Med-Trans is now facing a lawsuit from a pilot it fired, and the lawsuit makes some frightening claims about what happens behind the scenes.
/*Deverin Karol*/ says he set out to help sick children, but claims he ended up in a pressure cooker where his safety and the safety of the kids he flew from hospital to hospital was not always the top priority.
In their sickest hour, young patients rely on "Air George" to deliver them to /*Children's Hospital Central California*/. The rides are often life or death for the kids.
Now, one of the pilots who made those precious deliveries on Med-Trans helicopters claims in a lawsuit that in his three and a half years with the company, there were dozens of flights where everyone was in danger.
"Some of the things we learned about were putting lives in danger," said Karol's attorney, Arnold Peter.
Karol says he often felt pressure from supervisors to fly despite safety concerns -- like the day he was asked to fly while extremely tired.
"I was just like, 'It's 4 in the morning. I've been up for 20 hours straight. There's no way I can do this safely,'" he said. "So, I turned the mission down. The hospital is fine with it. They're like, 'Oh, we kind of figured you were going to turn that down.' The next day, the company won't say 'Why'd you turn that mission down?' They'll say, 'What can we do in the future so this doesn't happen again?'"
Another time, Karol says he got in trouble after letting his crew from the hospital know about a safety problem he found right before taking off.

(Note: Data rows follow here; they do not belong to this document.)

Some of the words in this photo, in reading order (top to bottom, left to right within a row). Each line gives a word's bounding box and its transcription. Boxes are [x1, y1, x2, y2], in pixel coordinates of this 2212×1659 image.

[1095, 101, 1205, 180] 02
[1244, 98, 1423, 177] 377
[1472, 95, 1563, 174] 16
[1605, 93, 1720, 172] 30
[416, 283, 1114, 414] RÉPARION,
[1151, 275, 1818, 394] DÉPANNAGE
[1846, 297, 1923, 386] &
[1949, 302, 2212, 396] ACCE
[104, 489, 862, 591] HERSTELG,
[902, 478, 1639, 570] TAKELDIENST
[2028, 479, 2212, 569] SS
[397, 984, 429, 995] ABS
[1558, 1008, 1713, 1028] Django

He says this was the exchange that followed:
Supervisor: Why did you tell the hospital you found a grease gun on top of a rotor hole?
Karol: Well, they were there when I pulled it down.

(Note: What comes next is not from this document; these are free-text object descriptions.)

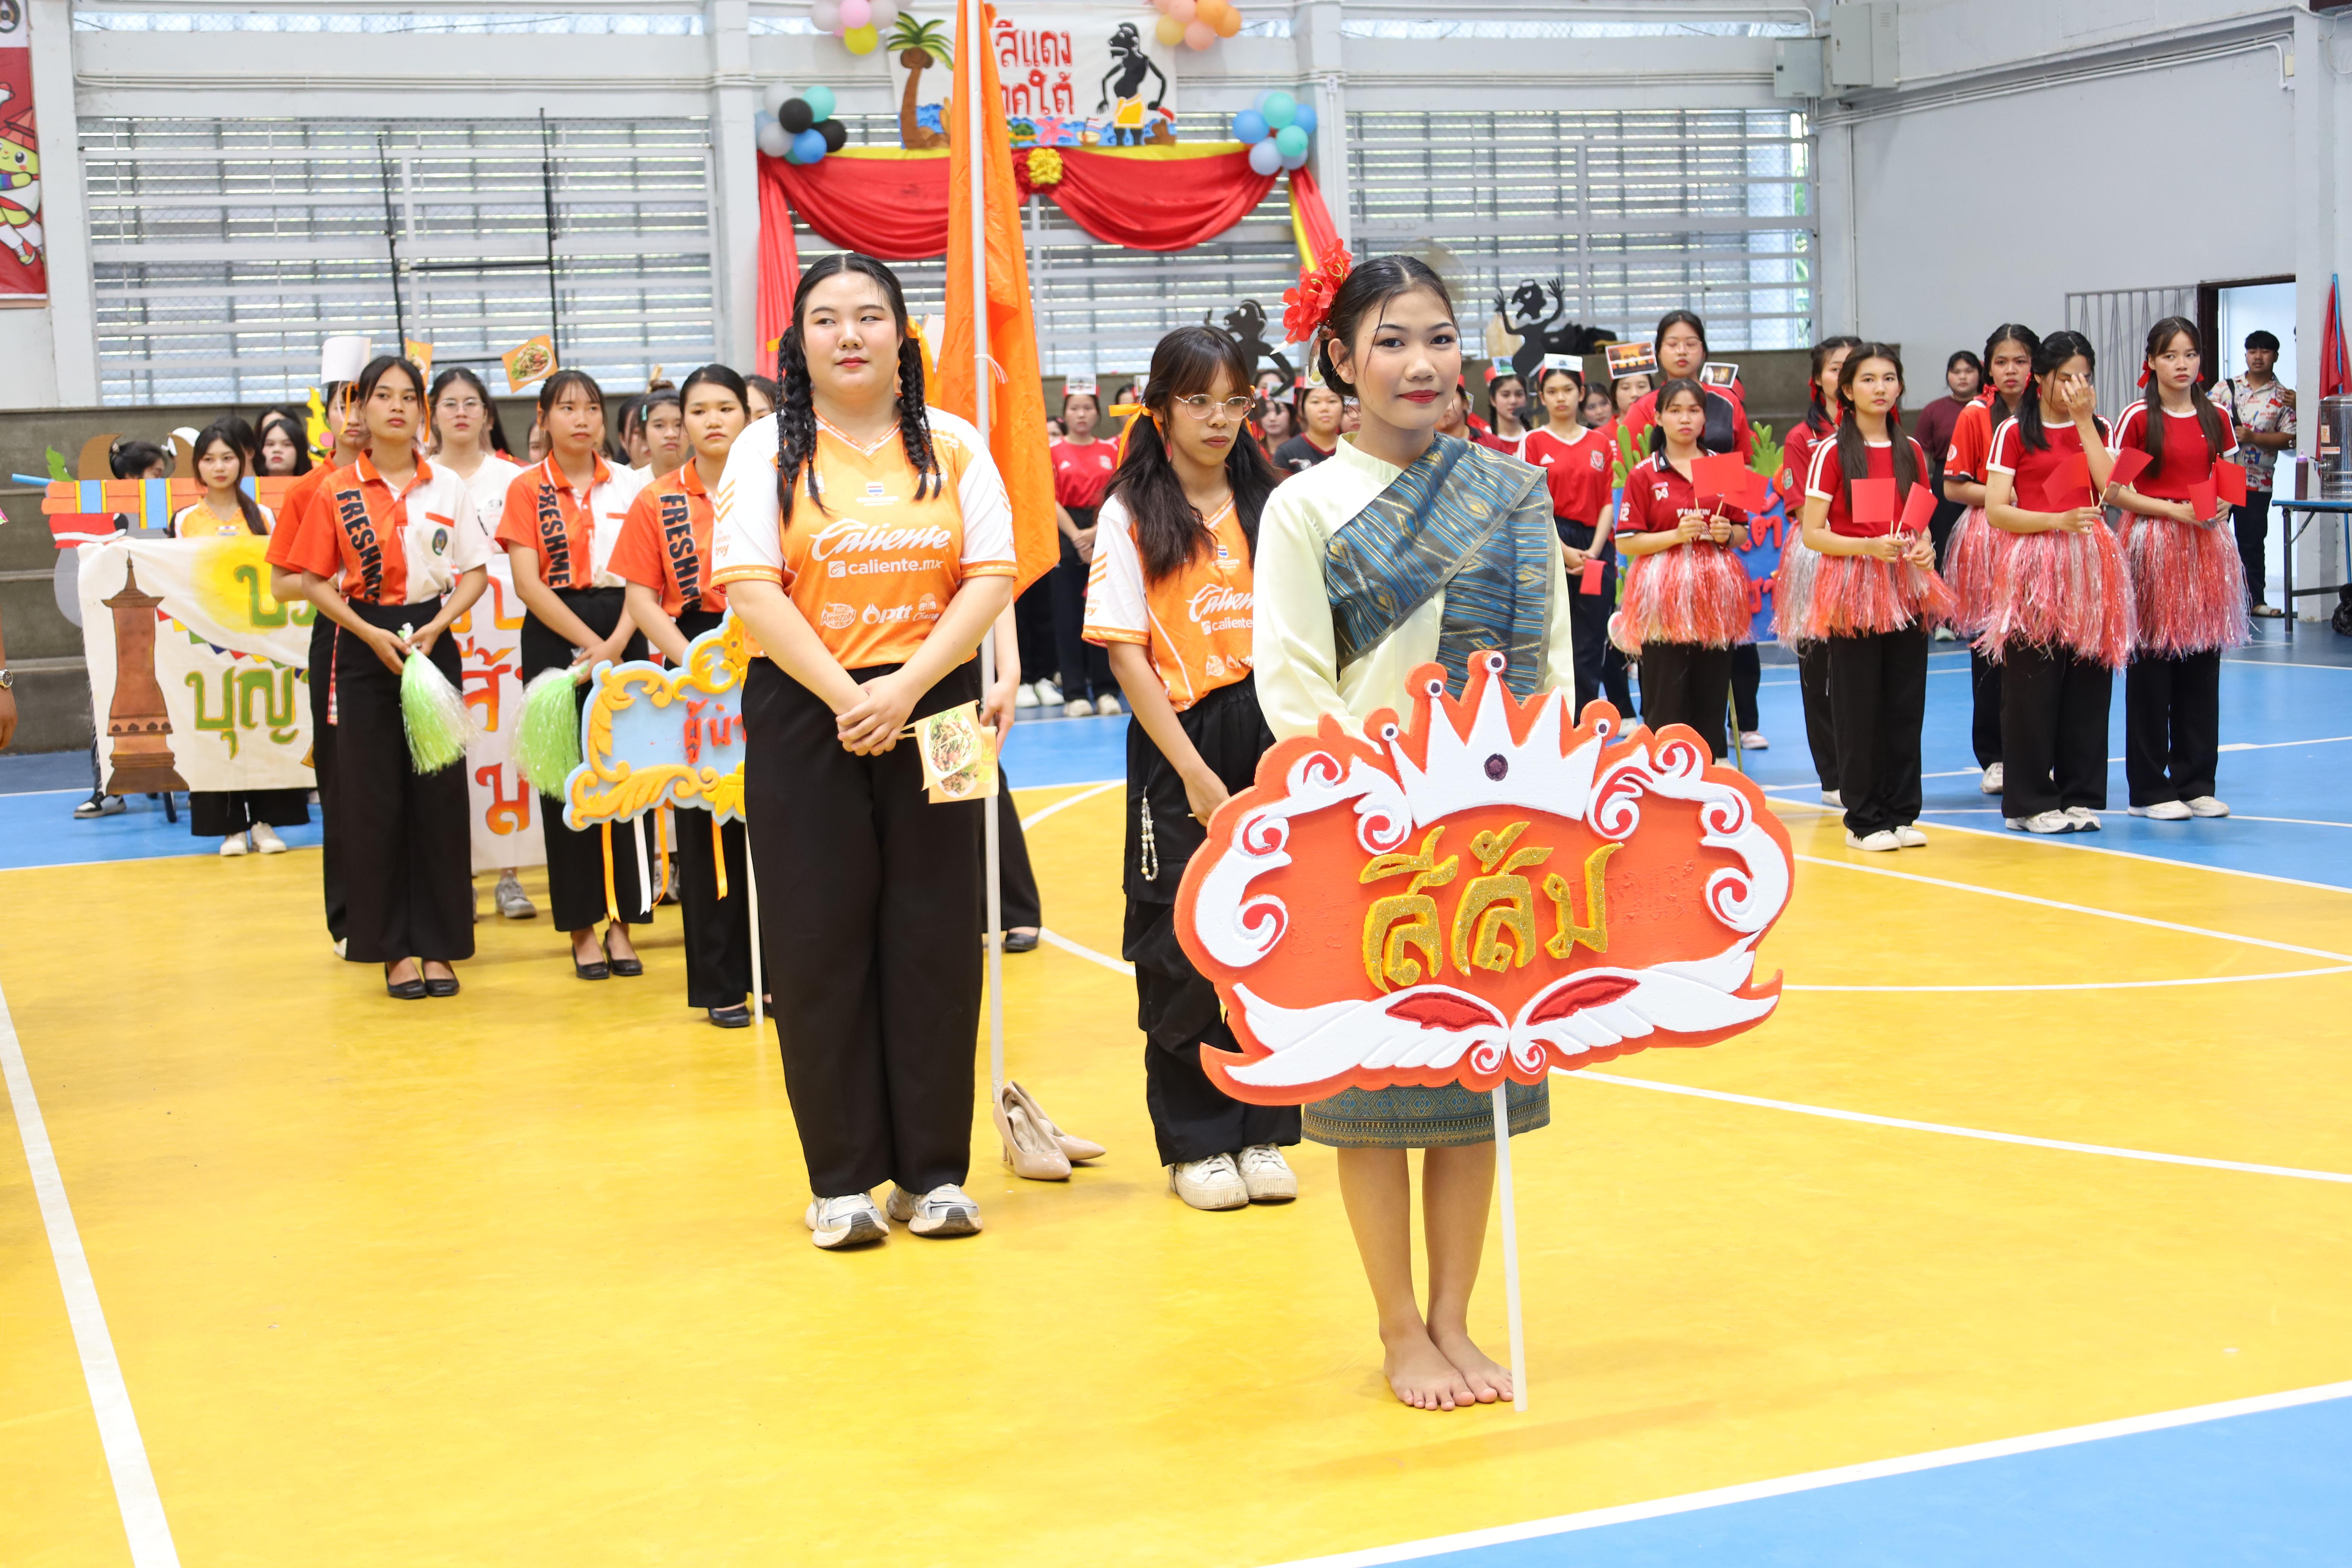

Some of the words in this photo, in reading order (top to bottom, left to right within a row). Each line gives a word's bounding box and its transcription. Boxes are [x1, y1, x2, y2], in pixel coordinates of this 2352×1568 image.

[995, 18, 1072, 67] สีแดง
[809, 518, 951, 561] Caliente
[848, 558, 944, 574] caliente.mx
[913, 612, 940, 622] Chang
[1185, 583, 1254, 622] Calien
[184, 666, 309, 760] บุญ
[1358, 821, 1625, 994] สีส้ม

Supervisor: Why did you tell them what would've happened?
Karol: They're getting in the helicopter with me. They're entitled to know if that had fallen in the hole it would've been bad.
Med-Trans has had two fatal accidents in the last ten years, but none in the last seven and none in California, although this government report details an emergency landing in 2004 in Madera. Investigators concluded that inadequate maintenance inspections were partly to blame.
Action News reached out to Med-Trans company executives and attorneys, who would only comment on their safety record, calling the company an industry leader in safety training. But in court documents, they have responded to some of the pilot's specific accusations.
"Karol's serial disruptive behavior created a significant burden for management," they claimed in a defendant's statement filed in U.S. federal court. They say the last straw was when he falsified a mission log.
"That was it," Karol said. "That was the entire reason for termination."
Karol says it's true -- someone definitely falsified the log to show he probably shouldn't have taken the flight -- but it wasn't him, and it was just an excuse to get rid of a headache pointing out serious problems with safety.
Karol's case is not scheduled for trial until March 2013. He says he doesn't expect to get much money out of the lawsuit, but he wants to make sure the flights are safe. The lawsuit doesn't target Children's Hospital and a spokesperson there declined comment.